This question was inspired by the Andres F answer to another question. In his answer he stated

"we are told that if she ever took the One Ring, she would become way more powerful than Sauron ever was."

So, it makes me wonder: If Galadriel had claimed the One Ring, would Sauron have become her servant, or would have Galadriel become his servant?

  • Gave the right answer to your question. Better late than never...
    – user8252
    Commented Aug 29, 2012 at 22:30

11 Answers 11


Tolkien commented on that subject in the letter 236: Tolkien's letters

Of the others only Gandalf might be expected to master him – being an emissary of the Powers and a creature of the same order, an immortal spirit taking a visible physical form.
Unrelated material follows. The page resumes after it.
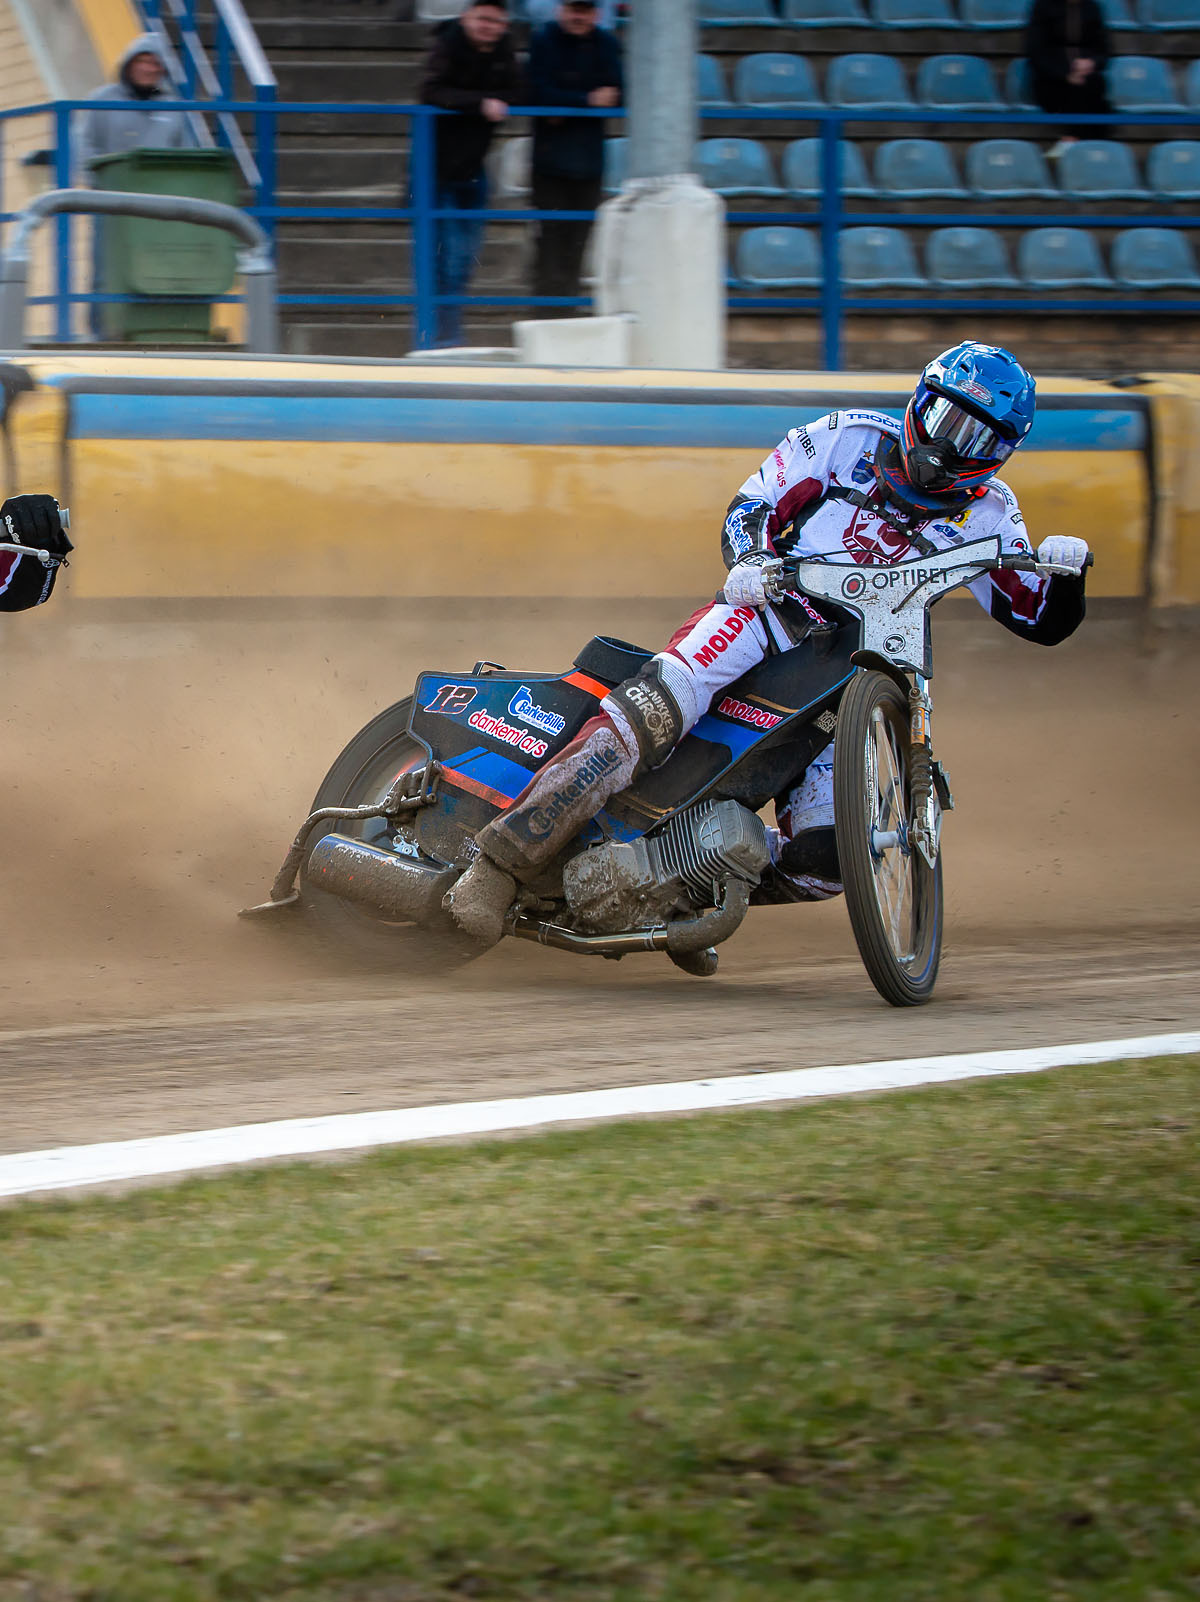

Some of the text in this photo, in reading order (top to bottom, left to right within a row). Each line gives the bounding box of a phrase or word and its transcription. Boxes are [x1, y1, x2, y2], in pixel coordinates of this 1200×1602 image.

In the 'Mirror of Galadriel', 1381, it appears that Galadriel conceived of herself as capable of wielding the Ring and supplanting the Dark Lord. If so, so also were the other guardians of the Three, especially Elrond. But this is another matter. It was part of the essential deceit of the Ring to fill minds with imaginations of supreme power. But this the Great had well considered and had rejected, as is seen in Elrond's words at the Council. Galadriel's rejection of the temptation was founded upon previous thought and resolve. In any case Elrond or Galadriel would have proceeded in the policy now adopted by Sauron: they would have built up an empire with great and absolutely subservient generals and armies and engines of war, until they could challenge Sauron and destroy him by force. Confrontation of Sauron alone, unaided, self to self was not contemplated. One can imagine the scene in which Gandalf, say, was placed in such a position. It would be a delicate balance. On one side the true allegiance of the Ring to Sauron; on the other superior strength because Sauron was not actually in possession, and perhaps also because he was weakened by long corruption and expenditure of will in dominating inferiors. If Gandalf proved the victor, the result would have been for Sauron the same as the destruction of the Ring; for him it would have been destroyed, taken from him for ever. But the Ring and all its works would have endured. It would have been the master in the end.

So we see that:

  1. Even with the One Ring, Galadriel would not match Sauron one on one
  2. She might be deluding herself when dreaming of overthrowing Sauron with the One

To add, Gandalf (Olorin) was of the same stock as Sauron, a Maiar, and essentially of stronger will than even any of the First Born. Gandalf would have been the likely successor of the ring, and sagely resisted the temptation in Book 1 of LOTR. Frodo, excellent keeper that he is, seeks to unload it upon the two greatest forces on two legs in Middle Earth, and both resist, recognizing his earnestness and the futility of acceptance.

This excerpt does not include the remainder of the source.